The research shows that Medicaid recipients are far more likely to receive health care than the uninsured. Citizens with Medicaid are 30 percent more likely to have a hospital stay, 35 percent more likely to have an outpatient visit to a doctor, and 15 percent more likely to take prescription drugs, compared to similar low-income citizens not enrolled in the program.
“There has been a lot of genuine uncertainty about whether it makes a difference when you give people Medicaid,” says Amy Finkelstein, a professor in MIT’s Department of Economics and one of the principal investigators of the study. “The short answer from our study is that it does.”
People enrolled in Medicaid also see improvements in their finances: They are 35 percent less likely to experience out-of-pocket medical expenses, and see a 25 percent decline in unpaid medical bills sent to collection agencies. The program also reduces the number of unpaid bills owed to health care providers.
The results are detailed in a new working paper, “The Oregon Health Insurance Experiment: Evidence from the First Year,” released today (July 7) by the National Bureau of Economic Research (NBER). Finkelstein and Katherine Baicker, a professor at the Harvard School of Public Health, served as principal investigators on the study.
Lucky lottery numbers
The study takes advantage of a novel program in Oregon, where officials determined they could support Medicaid for about 10,000 additional residents starting in 2008. To fill those new slots, the state instituted a lottery system to which roughly 90,000 people applied.
Medicaid is the joint federal-state program that provides health insurance specifically for low-income U.S. citizens; it was created in 1965 along with Medicare, the federal health insurance program designed largely for senior citizens. States have some discretion in setting eligibility for the program; in Oregon, adults below the federal poverty level (annual income below $10,400 for a single person or $21,200 for a family of four) are eligible for Medicaid.

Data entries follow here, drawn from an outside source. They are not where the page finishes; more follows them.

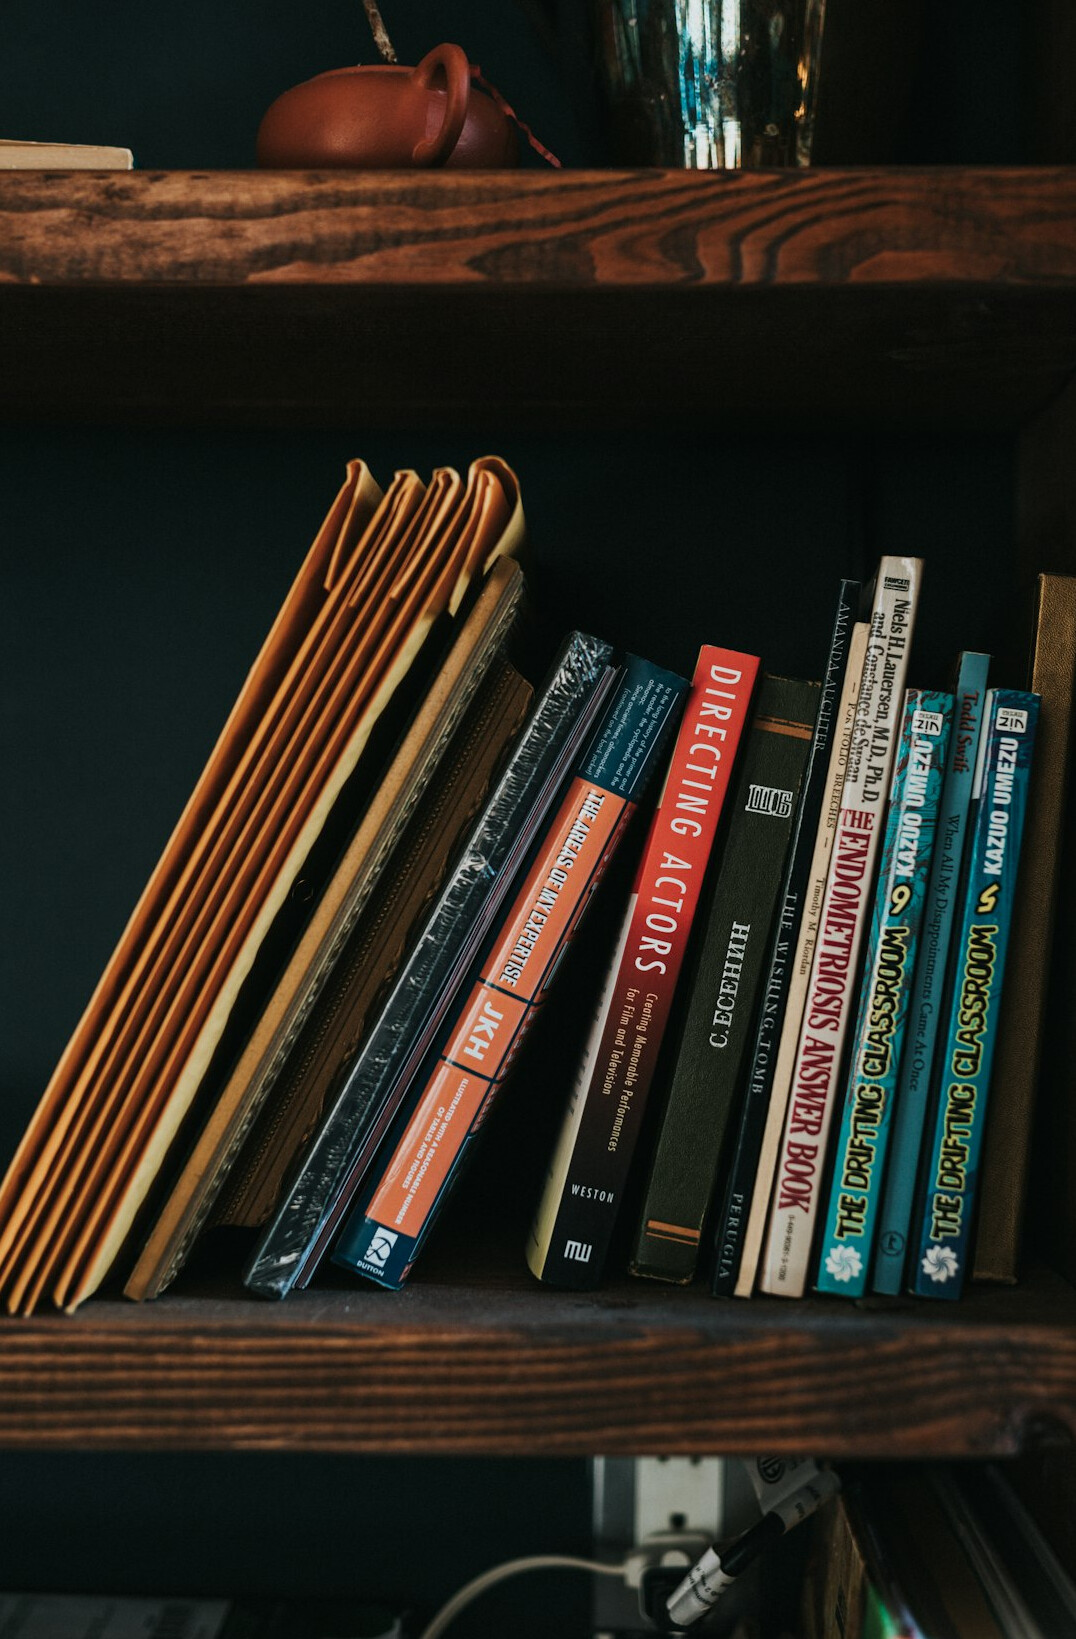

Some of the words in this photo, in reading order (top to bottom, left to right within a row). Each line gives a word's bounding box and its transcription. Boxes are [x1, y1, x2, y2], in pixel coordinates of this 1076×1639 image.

[868, 610, 887, 639] and
[890, 598, 911, 634] Niels
[827, 602, 850, 675] AMANDA
[630, 684, 643, 701] Since
[655, 683, 664, 693] the
[660, 694, 669, 704] the
[856, 643, 884, 716] Constance
[873, 651, 903, 723] Lauersen,
[620, 701, 634, 724] ancient
[638, 718, 648, 728] the
[642, 719, 657, 740] history
[652, 705, 664, 719] long
[813, 677, 836, 752] AUCHTER
[957, 691, 980, 732] Todd
[596, 738, 607, 754] back
[622, 728, 641, 762] cyclopedia
[635, 747, 644, 757] the
[670, 665, 742, 837] DIRECTING
[951, 733, 972, 774] Swift
[610, 776, 620, 786] the
[616, 762, 624, 776] and
[618, 778, 628, 791] and
[625, 757, 637, 777] primer
[904, 737, 933, 807] UMEZU
[992, 737, 1018, 804] UMEZU
[578, 788, 606, 822] THE
[827, 773, 845, 829] BREECHES
[840, 808, 875, 830] THE
[554, 818, 590, 869] AREAS
[894, 812, 922, 877] KAZUO
[941, 812, 960, 851] When
[983, 810, 1009, 875] KAZUO
[544, 865, 568, 890] OF
[808, 878, 825, 916] Timothy
[534, 884, 559, 914] MY
[635, 852, 692, 974] ACTORS
[780, 890, 797, 929] THE
[498, 908, 548, 987] EXPERTISE
[808, 830, 870, 1032] ENDOMETRIOSIS
[920, 897, 945, 999] Disappointments
[800, 939, 814, 975] Riordan
[626, 988, 640, 1002] for
[759, 939, 789, 1030] WISHING
[858, 922, 910, 1081] CLASSROOM
[951, 924, 998, 1080] CLASSROOM
[463, 1001, 504, 1060] JKH
[620, 1005, 635, 1025] Film
[636, 993, 658, 1032] Creating
[614, 1028, 626, 1047] and
[602, 1050, 624, 1095] Television
[624, 1034, 647, 1086] Memorable
[752, 1040, 771, 1093] TOMB
[444, 1078, 469, 1122] ILLUSTRATED
[790, 1036, 835, 1136] ANSWER
[424, 1118, 440, 1142] TABLES
[436, 1106, 445, 1117] OF
[608, 1089, 634, 1152] Performances
[416, 1142, 428, 1159] AND
[435, 1122, 448, 1141] WITH
[844, 1082, 885, 1190] DRIFTING
[936, 1082, 978, 1192] DRIFTING
[402, 1159, 420, 1189] FIGURES
[410, 1148, 435, 1194] REASONABLE
[778, 1140, 818, 1214] BOOK
[395, 1194, 413, 1224] NUMBER
[572, 1184, 614, 1203] WESTON
[719, 1193, 744, 1277] PERUGIA
[837, 1195, 866, 1240] THE
[930, 1193, 964, 1241] THE
[356, 1260, 384, 1277] DUTTON

Because Oregon instituted a random lottery to allocate the limited number of additional slots available, the researchers could study the effects of health insurance without distortion from the differences in health and income that ordinarily plague comparisons of the insured and uninsured: In this case, those groups were the same except for the luck of the draw.

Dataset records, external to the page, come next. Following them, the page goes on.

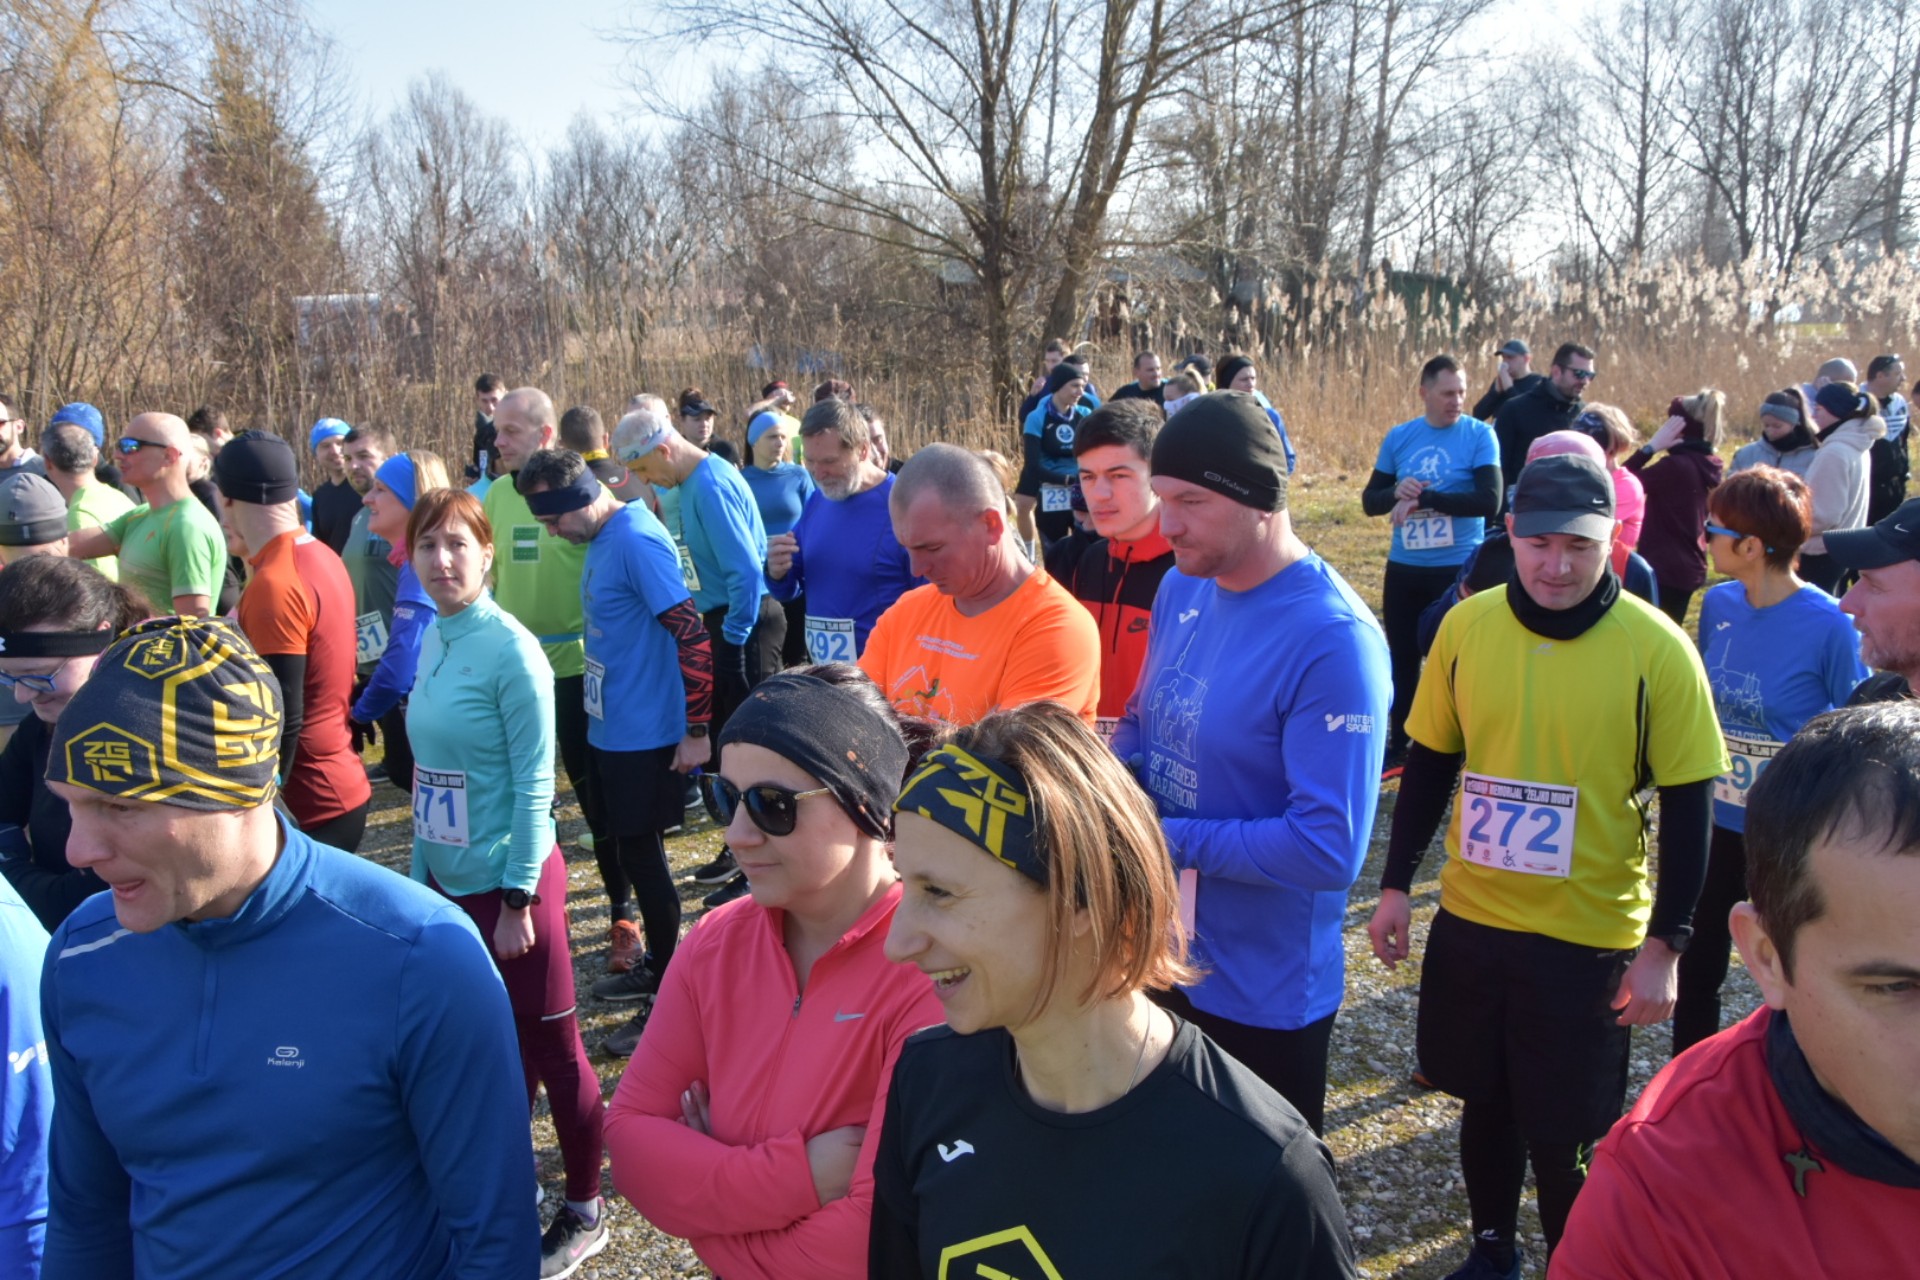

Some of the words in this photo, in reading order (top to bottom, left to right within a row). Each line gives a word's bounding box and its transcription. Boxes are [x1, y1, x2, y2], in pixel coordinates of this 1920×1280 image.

[1406, 518, 1447, 540] 212
[806, 630, 850, 661] 292
[1345, 723, 1372, 735] SPORT
[1346, 713, 1375, 726] INTER
[1164, 757, 1198, 789] ZAGREB
[1148, 770, 1198, 811] MARATHON
[1468, 797, 1562, 854] 272
[267, 1057, 305, 1069] Kalenji

“If you just compare low-income insured people and uninsured people … it can look like health insurance actually is bad for your health,” Finkelstein observes. “But that’s because people in worse health are more likely to seek out health insurance, not because health insurance makes you sicker.” This study, she says, replicates the randomized controlled design used in scientific laboratory studies but rarely available in the social sciences.
By comparing the insured and uninsured over a 16-month span, the researchers found that people enrolled in Medicaid are less burdened by medical expenses. “People report reduced out-of-pocket medical expenses,” Finkelstein says. Indeed, the study shows that Medicaid recipients are 40 percent less likely to need to borrow money — or ignore other bills — in order to pay medical expenses.
Medicaid recipients even reported a 32 percent increase in their overall happiness level, although, as the authors note, it is not precisely clear how much of this stems from improved physical health, the added financial security of having health insurance, or overall improvements in well-being.
The Oregon results also demonstrate something of value to health care providers: a decline in outstanding medical bills. “Since most bills that aren’t paid [on time] end up never being paid,” Finkelstein explains, “this actually suggests that some of the beneficiaries from an expansion of Medicaid are health care providers like hospitals and doctors.” Medicaid beneficiaries tend to owe about $390 less in unpaid medical bills than similar individuals without insurance.
‘A landmark study’
Other economists believe the result is highly significant. “This is a landmark study that for the first time provides a reliable measure of how health insurance affects health care and well-being,” says Jonathan Skinner, a professor of economics at Dartmouth College. Skinner adds that the study “is also important because it speaks to the potential bonus arising from an expansion of health insurance coverage in the U.S. It seems pretty clear that newly enrolled households are happier once they get health insurance.”
Finkelstein and Baicker gained permission from Oregon officials to conduct the study and worked with a group of researchers in Oregon and on the East Coast. The team surveyed Medicaid recipients and stitched together data from sources as diverse as mortality reports and credit scores to build a picture of Medicaid’s medical and financial effects.
The researchers are working to expand their current study to include more information that can further detail Medicaid’s effects, including gathering emergency-room data and physiological test results over an extended period of time.
Along with Finkelstein and Baicker, co-authors on the current working paper are Heidi Allen of the Oregon Health Study; Mira Bernstein of the NBER; Jonathan Gruber, a professor in MIT’s Department of Economics; Joseph P. Newhouse, a professor at Harvard Medical School; Sarah Taubman of the NBER; and Bill Wright of the Oregon Health Study.
Funding for the study came from the National Institute on Aging; the Office of the Assistant Secretary for Planning and Evaluation in the U.S. Department of Health and Human Services; the California HealthCare Foundation; the Centers for Medicare & Medicaid Services; the John D. and Catherine T. MacArthur Foundation; the Robert Wood Johnson Foundation; the Sloan Foundation; the Smith Richardson Foundation; and the U.S. Social Security Administration.